■ WHAT TO PRODUCE ■
Please make sure what you return matches the listing below exactly, minus its pictures.

■ DATA SUPPLIED ■
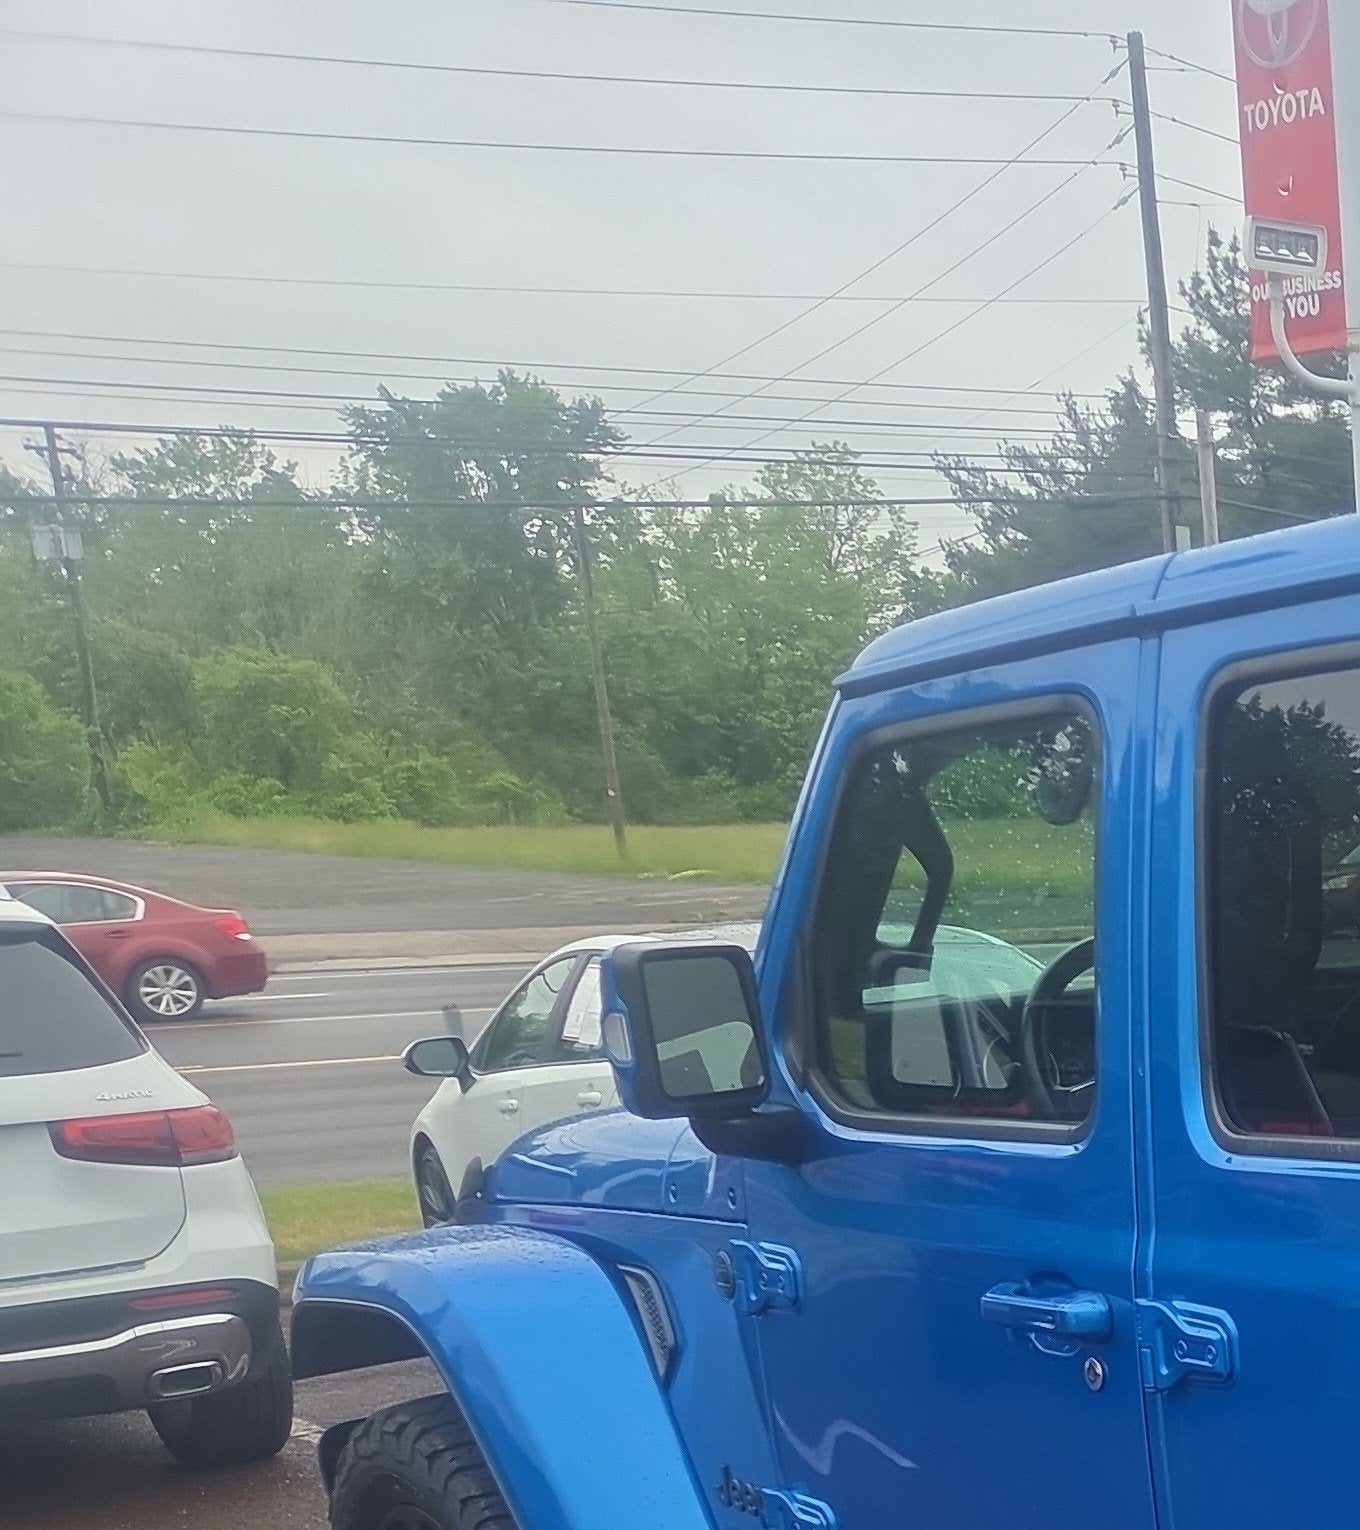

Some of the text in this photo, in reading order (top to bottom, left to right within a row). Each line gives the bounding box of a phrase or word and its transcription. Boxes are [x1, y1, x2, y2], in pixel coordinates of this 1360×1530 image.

[1244, 87, 1325, 132] TOYOTA
[1252, 282, 1272, 302] OU
[1286, 293, 1320, 319] YOU
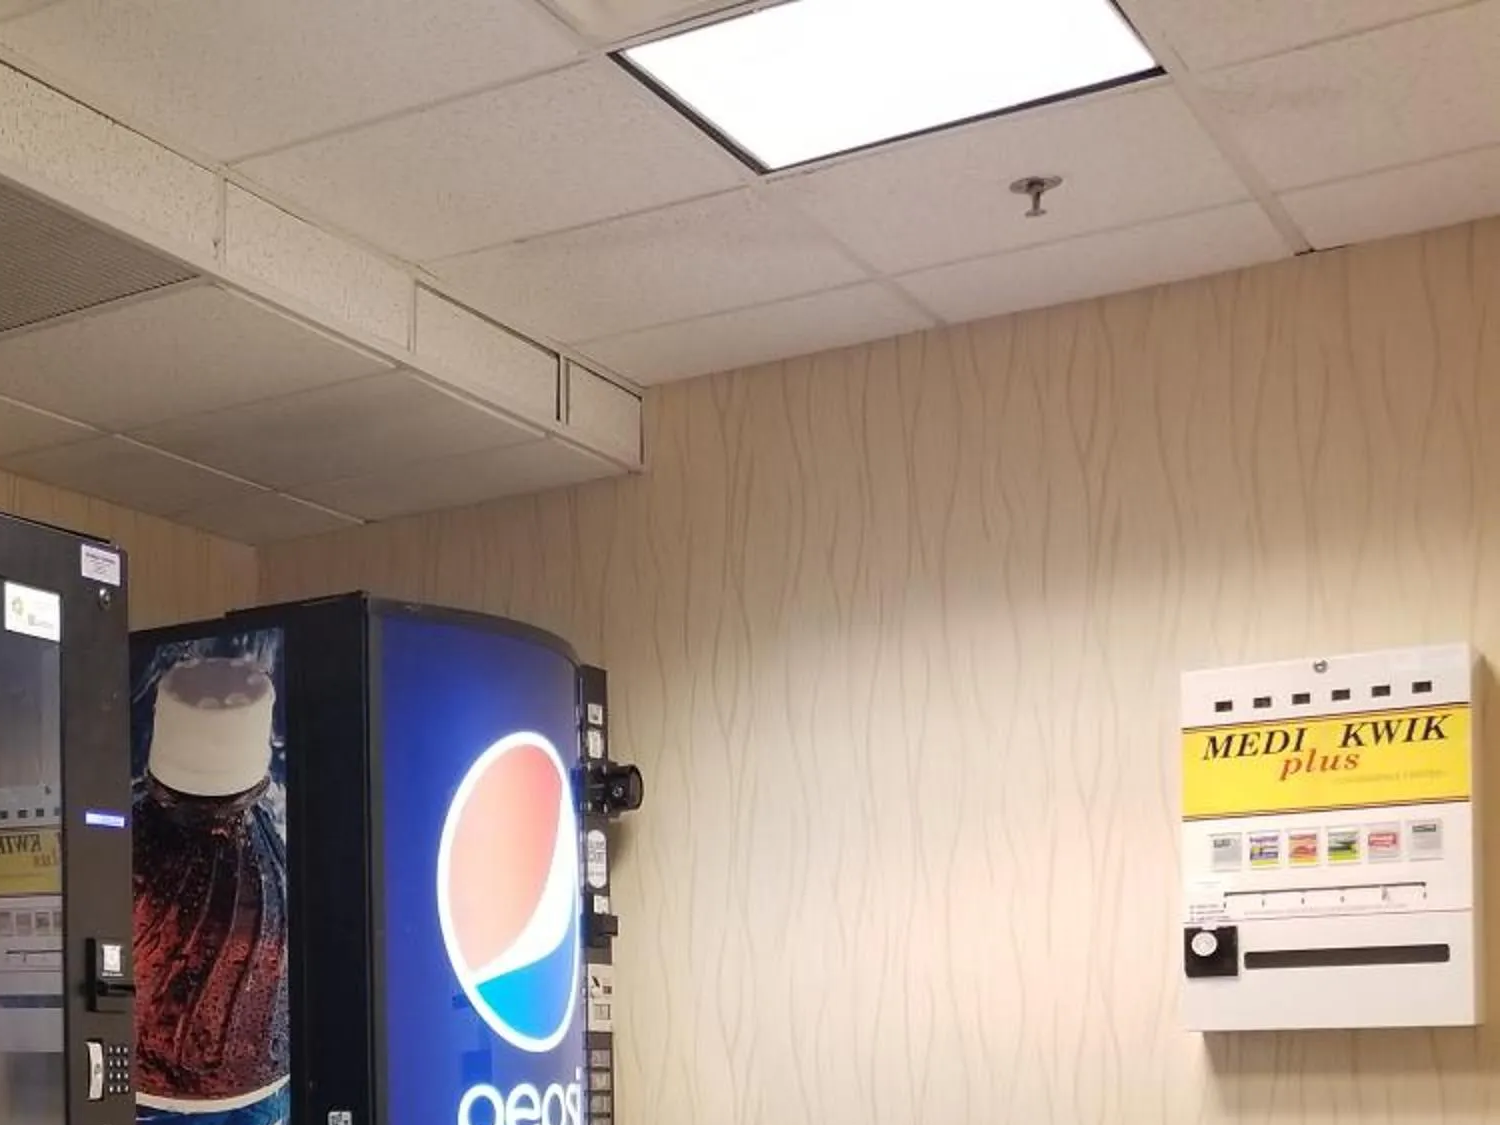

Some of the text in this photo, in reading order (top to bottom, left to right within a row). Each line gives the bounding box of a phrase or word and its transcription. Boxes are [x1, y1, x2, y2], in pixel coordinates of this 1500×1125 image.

[1202, 714, 1453, 760] MEDI KWIK
[1278, 748, 1360, 781] plus
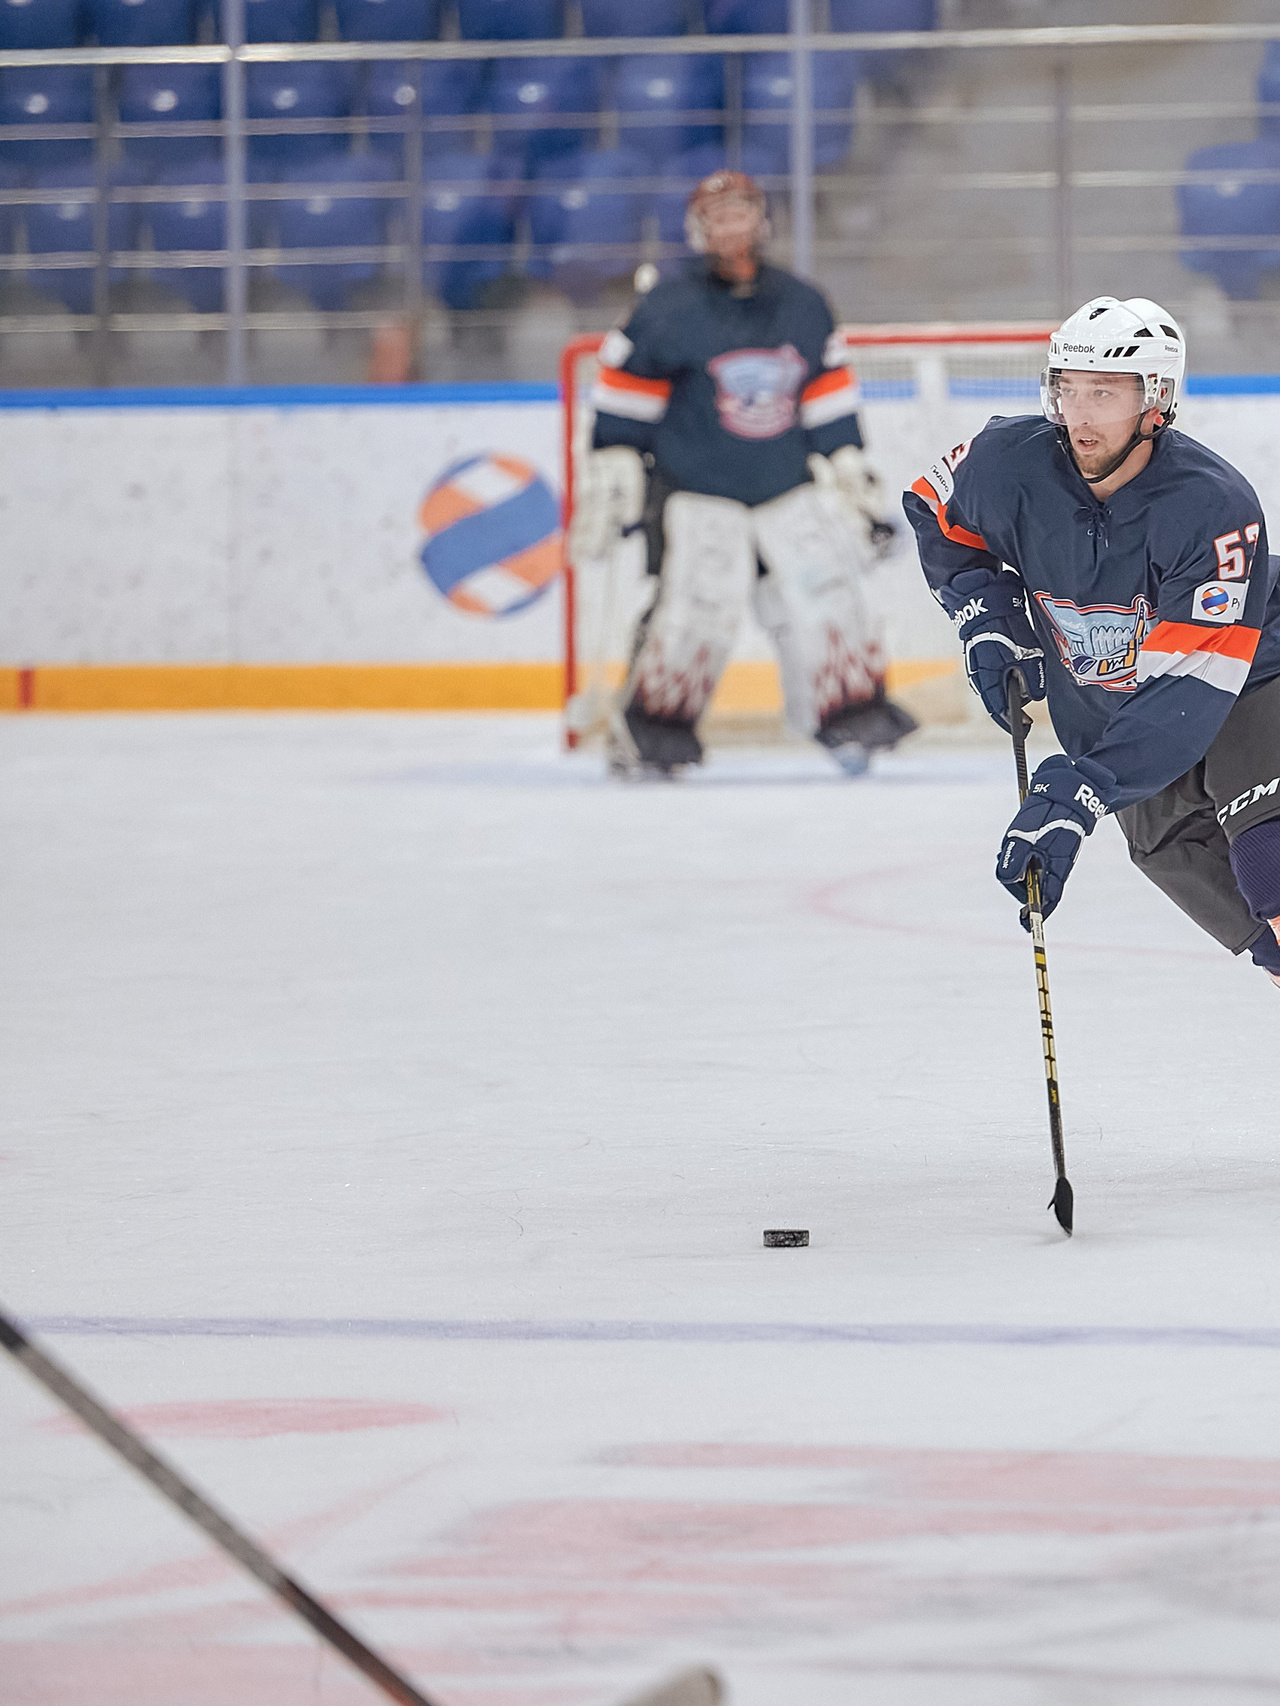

■ RESPONSE BOX ■
Some of the text in this photo, in reading order (top to bottom, left to right within a row). Each line gives the bounding box of a phrase or word and its transcription. Boxes are [x1, y1, x2, y2], in pixel coordinates of this 1360×1530 image.

[1244, 87, 1325, 132] TOYOTA
[1252, 282, 1272, 302] OU
[1286, 293, 1320, 319] YOU

Some of the text in this photo, in reading order (top to bottom, left to right within a row). Each line gives the bounding box of a phrase or word and its transcription. Boxes are [x1, y1, x2, y2], in pixel coordinates of this 1500×1125 image.

[1202, 714, 1453, 760] MEDI KWIK
[1278, 748, 1360, 781] plus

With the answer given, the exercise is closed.